Badger scandal

August 16, 2020

A leaked government document reveals the scale of badger culling proposed for Derbyshire, undermining the country's most successful bTB vaccination programme.

Framing Nature – conservation and culture delves into questions that seem to tangle at the roots of our wildlife crisis, that concern the underlying values and attitudes that govern conservation success or failure. The badger illustrates better than any species one of those questions – why do we have such a low tolerance for problematic species?

Bovine tuberculosis is a potentially devastating disease found in badgers and cattle. When a cow tests positive, regardless of symptoms, the whole herd is slaughtered. In 70 years of compulsory herd slaughter the commercial and psychological burden on affected farmers has been harrowing. Cattle have commercially short lives, during which even infected animals are unlikely to present clinical symptoms. It is the impact of the test-and-slaughter policy rather than the disease itself that causes the greatest disruption to farm businesses.

But because it is the cattle that are continually moved about the landscape and the badgers that stay in their ancestral domain, badgers are described as a reservoir for the disease, thus by a simple choice of language defining them as the problem. The result has been described as the greatest destruction of a protected species on record. My essay on the badger was possibly the hardest thing I have had to research and write.

badger linocut by richard allen for framing nature by laurence rose
Framing Nature chapter heading by Richard Allen

Exactly a year ago I was in Derbyshire with a team from the Wildlife Trust. They were two years into the Derbyshire badger vaccination programme which has been funded for four years by a £300,000 government grant matched by £100,000 from the National Trust. Hanging over the biggest and most successful vaccination programme in the country was an imminent government decision that threatened to undermine all that they had achieved so far.
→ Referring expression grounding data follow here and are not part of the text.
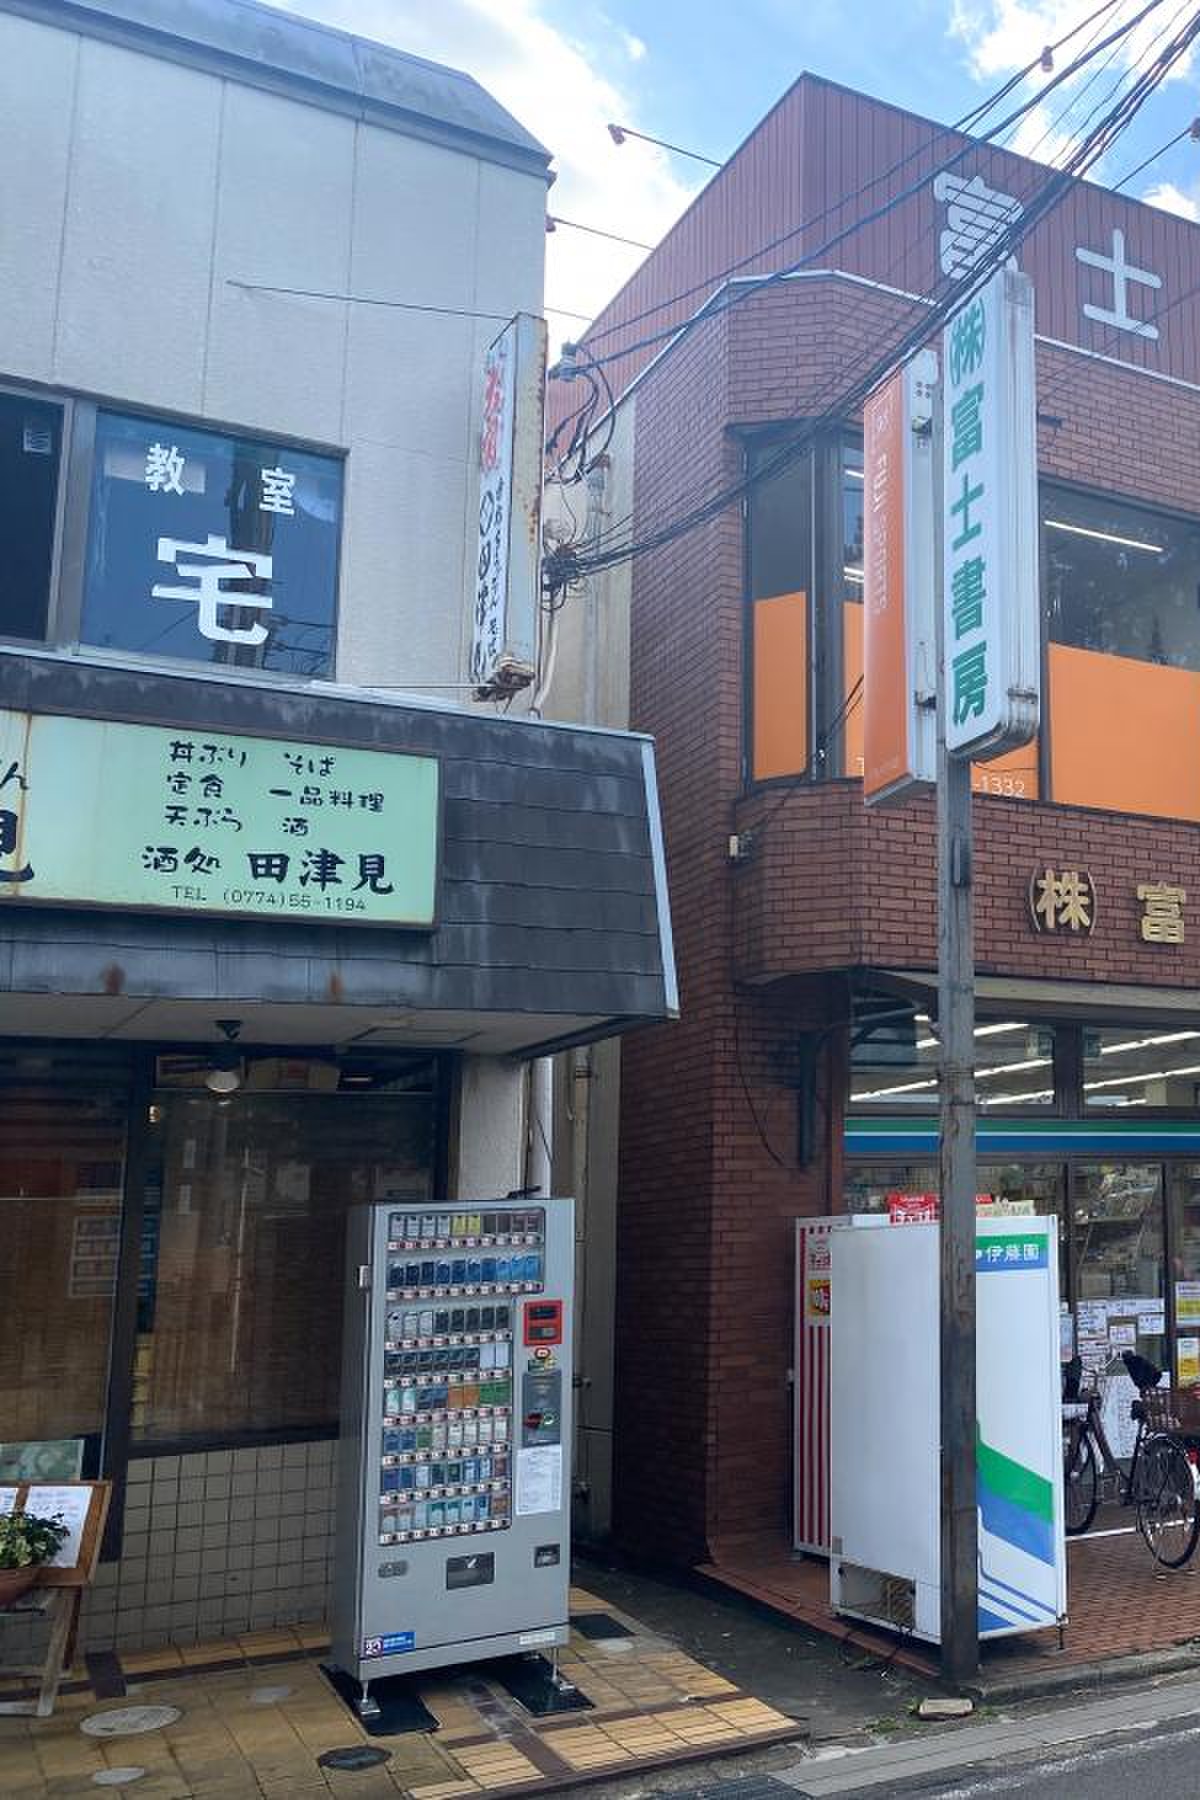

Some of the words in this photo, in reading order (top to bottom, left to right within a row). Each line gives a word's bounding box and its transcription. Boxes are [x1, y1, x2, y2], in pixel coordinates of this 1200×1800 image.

[151, 533, 273, 646] 宅
[169, 740, 249, 768] 丼ぶり
[284, 752, 338, 777] そば
[166, 771, 225, 799] 定食
[269, 786, 386, 813] 一品料理
[282, 816, 310, 837] 酒
[141, 844, 221, 876] 酒処
[246, 848, 395, 896] 田津見
[171, 885, 207, 902] TEL
In a bid to expand the cull still further, farmers had been invited to form local companies to undertake badger culling across wider swathes of England. Four Derbyshire farmers had formed such a company and applied for the county to be included in a list of ten new cull zones. If successful, they would have undermined the entire vaccination project, making it impossible to assess the efficacy of either the vaccination or the cull.  Vaccinated badgers risked being killed despite being no possible threat.
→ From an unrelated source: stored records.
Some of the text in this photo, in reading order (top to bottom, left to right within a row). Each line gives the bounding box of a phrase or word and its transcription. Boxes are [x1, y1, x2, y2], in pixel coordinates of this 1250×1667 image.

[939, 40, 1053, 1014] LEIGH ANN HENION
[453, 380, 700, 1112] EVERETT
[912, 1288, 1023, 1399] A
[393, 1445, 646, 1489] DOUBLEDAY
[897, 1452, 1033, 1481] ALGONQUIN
All this was coming to a head as I was finishing Framing Nature. I left it until the last minute to finish the badger chapter, and was able to report that the government had turned down the Derbyshire cull proposal. At the same time, the government appeared to announce that it was stepping up its efforts to establish a cattle vaccination programme so as to phase out badger culling. This apparent good news also made it into the book, just. In the section at the end of the book usually reserved for references and endnotes I allowed space for any final updates that may be squeezed in at the final proof-reading stage. Two weeks ago I was able to add:

Update August 2020: the new strategy purports to focus on the 94% of herds infected by other cattle, rather than the 6% infected by badgers. However the government has not kept its promise to pilot badger vaccination in areas in which culling licences have expired. Instead, it licensed another five years of culling on all the land that would have been eligible for a pilot. They also published proposals to facilitate culling around vaccinated land, especially in Derbyshire. I and thousands of others have contributed to legal challenges.

This week a leaked government document confirmed the target of between 2054 and 2785 badgers to be killed in Derbyshire this autumn and winter. To quote the final words of chapter 4: the killing will end when the politics dictates, not the science.

The full story of our troubled relationship with the badger is found in Framing Nature – conservation and culture, published 21 September and available to order now at a pre-publication discount, including free UK P&P.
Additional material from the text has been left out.